:: WHAT THE TASK ASKS ::
Retype all of the listing exactly, passing over any picture you find.

*** INFORMATION ***

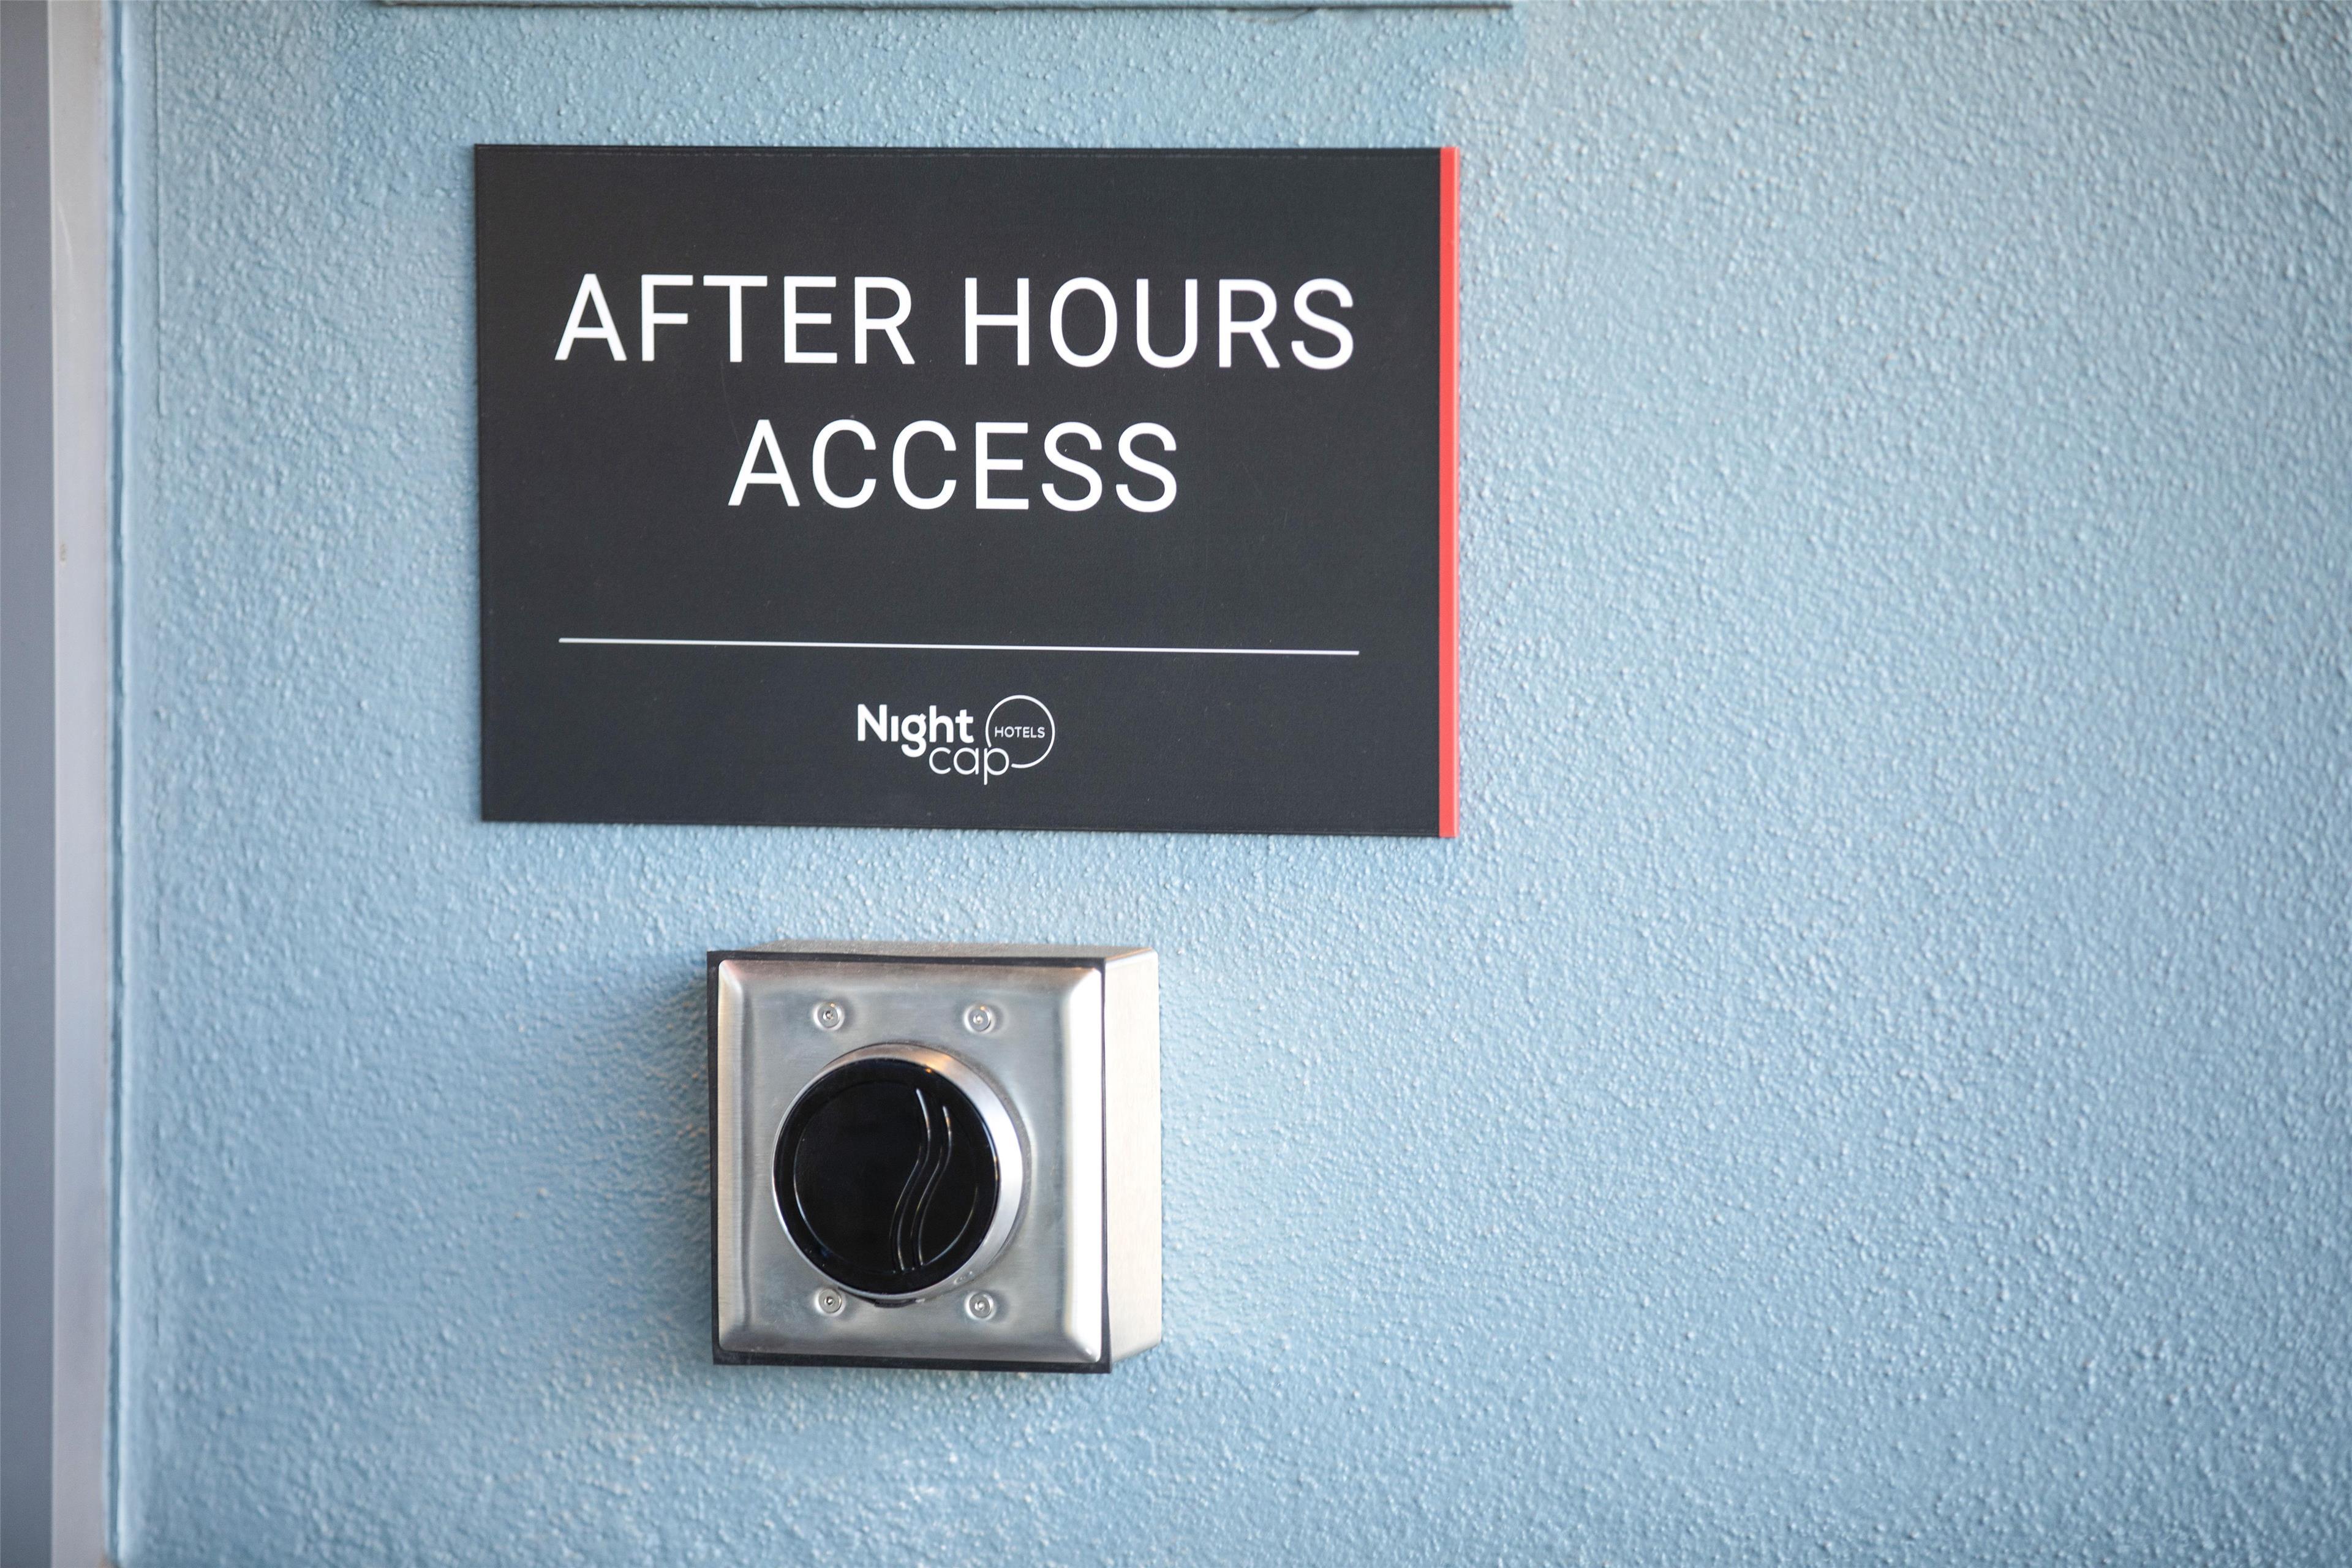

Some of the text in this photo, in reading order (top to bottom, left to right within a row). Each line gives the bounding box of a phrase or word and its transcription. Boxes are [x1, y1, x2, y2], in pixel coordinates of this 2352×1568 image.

[554, 273, 1354, 370] AFTER HOURS
[728, 419, 1177, 513] ACCESS
[857, 703, 975, 758] Night
[994, 726, 1046, 739] HOTELS
[929, 747, 1010, 786] cap

***

:: RESPONSE ::
Some of the text in this photo, in reading order (top to bottom, left to right within a row). Each line gives the bounding box of a phrase or word and its transcription. Boxes are [x1, y1, x2, y2], in pixel coordinates of this 2352×1568 image.

[554, 273, 1354, 370] AFTER HOURS
[728, 419, 1177, 513] ACCESS
[857, 703, 975, 758] Night
[994, 726, 1046, 739] HOTELS
[929, 747, 1010, 786] cap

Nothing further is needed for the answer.